§ **The records**:

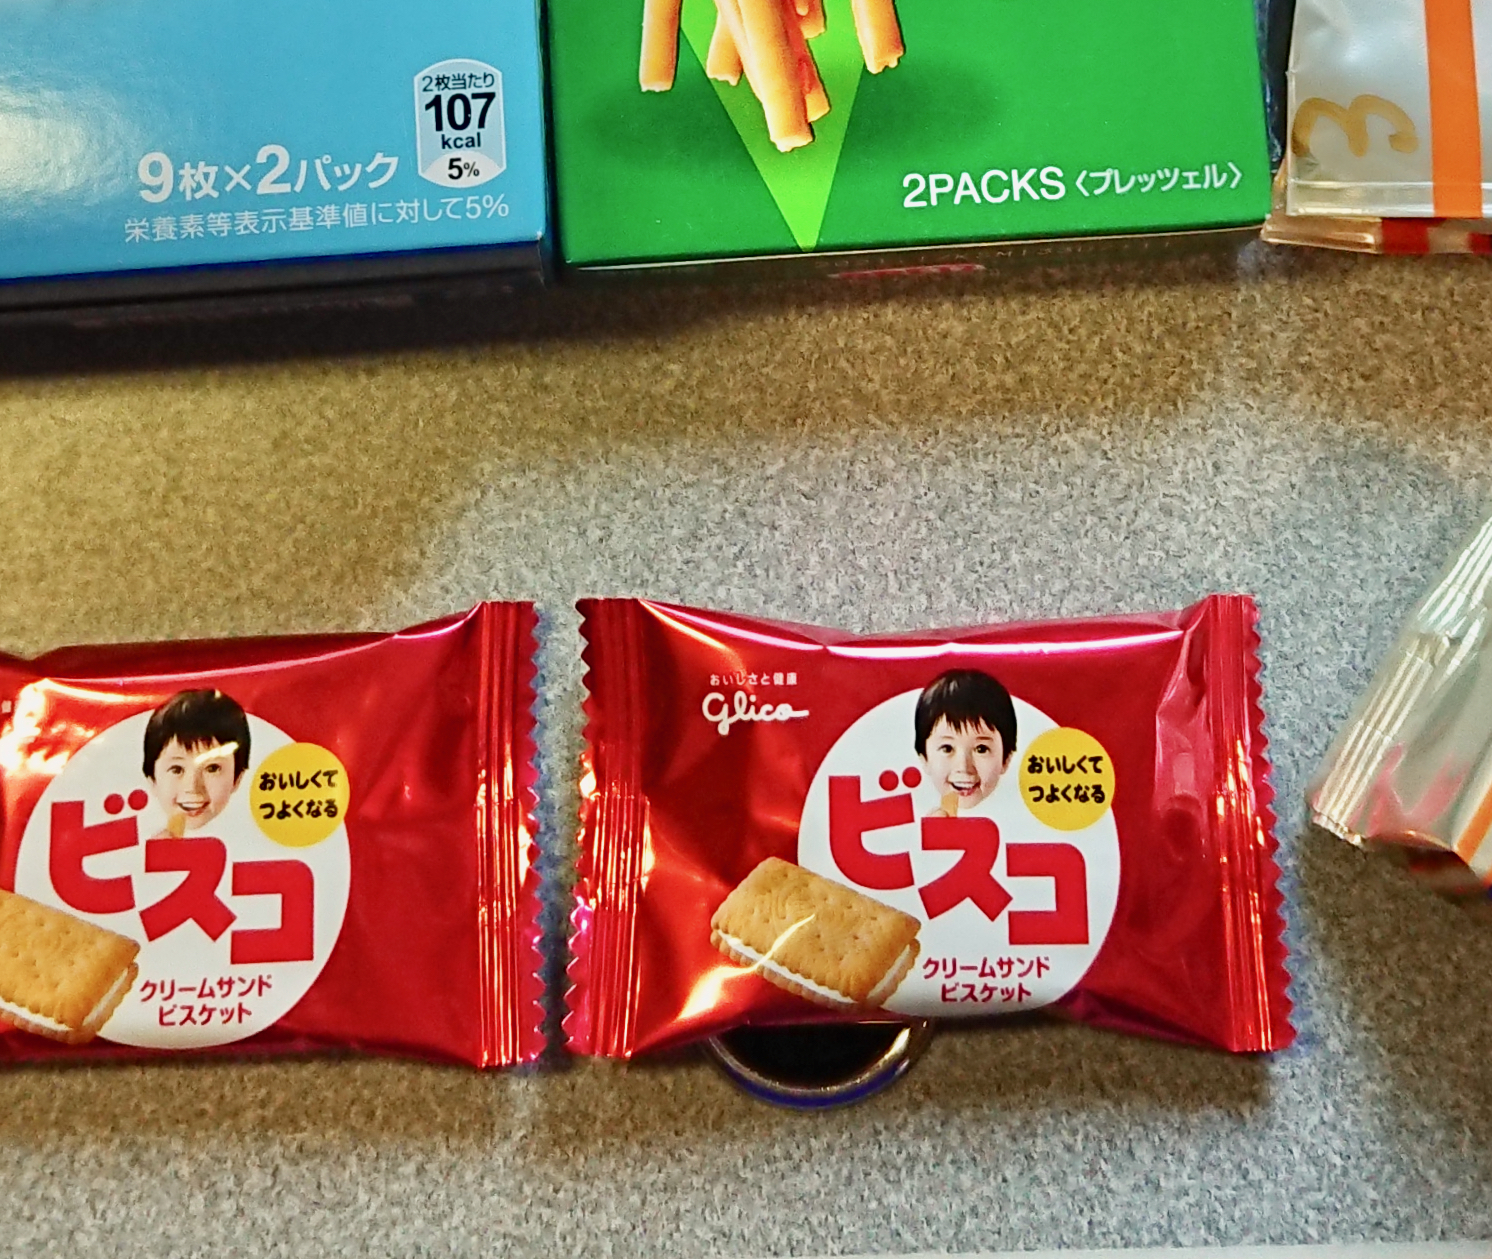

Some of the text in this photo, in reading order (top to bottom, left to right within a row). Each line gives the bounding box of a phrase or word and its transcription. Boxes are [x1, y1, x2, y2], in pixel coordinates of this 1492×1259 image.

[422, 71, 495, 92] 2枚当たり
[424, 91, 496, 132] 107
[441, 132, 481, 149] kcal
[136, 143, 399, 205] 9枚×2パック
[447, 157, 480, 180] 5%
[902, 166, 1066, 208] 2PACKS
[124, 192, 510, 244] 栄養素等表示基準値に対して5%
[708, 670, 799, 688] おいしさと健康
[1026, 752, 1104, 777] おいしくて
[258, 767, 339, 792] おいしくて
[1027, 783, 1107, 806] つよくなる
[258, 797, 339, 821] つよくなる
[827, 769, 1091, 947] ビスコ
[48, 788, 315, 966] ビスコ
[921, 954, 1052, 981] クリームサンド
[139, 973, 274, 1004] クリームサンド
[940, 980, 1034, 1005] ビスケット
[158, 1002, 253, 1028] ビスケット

§ **Task goal**:
Exact copy, pictures excluded: restate every record above word for word.

§ **Finished task**:
Some of the text in this photo, in reading order (top to bottom, left to right within a row). Each line gives the bounding box of a phrase or word and its transcription. Boxes are [x1, y1, x2, y2], in pixel coordinates of this 1492×1259 image.

[422, 71, 495, 92] 2枚当たり
[424, 91, 496, 132] 107
[441, 132, 481, 149] kcal
[136, 143, 399, 205] 9枚×2パック
[447, 157, 480, 180] 5%
[902, 166, 1066, 208] 2PACKS
[124, 192, 510, 244] 栄養素等表示基準値に対して5%
[708, 670, 799, 688] おいしさと健康
[1026, 752, 1104, 777] おいしくて
[258, 767, 339, 792] おいしくて
[1027, 783, 1107, 806] つよくなる
[258, 797, 339, 821] つよくなる
[827, 769, 1091, 947] ビスコ
[48, 788, 315, 966] ビスコ
[921, 954, 1052, 981] クリームサンド
[139, 973, 274, 1004] クリームサンド
[940, 980, 1034, 1005] ビスケット
[158, 1002, 253, 1028] ビスケット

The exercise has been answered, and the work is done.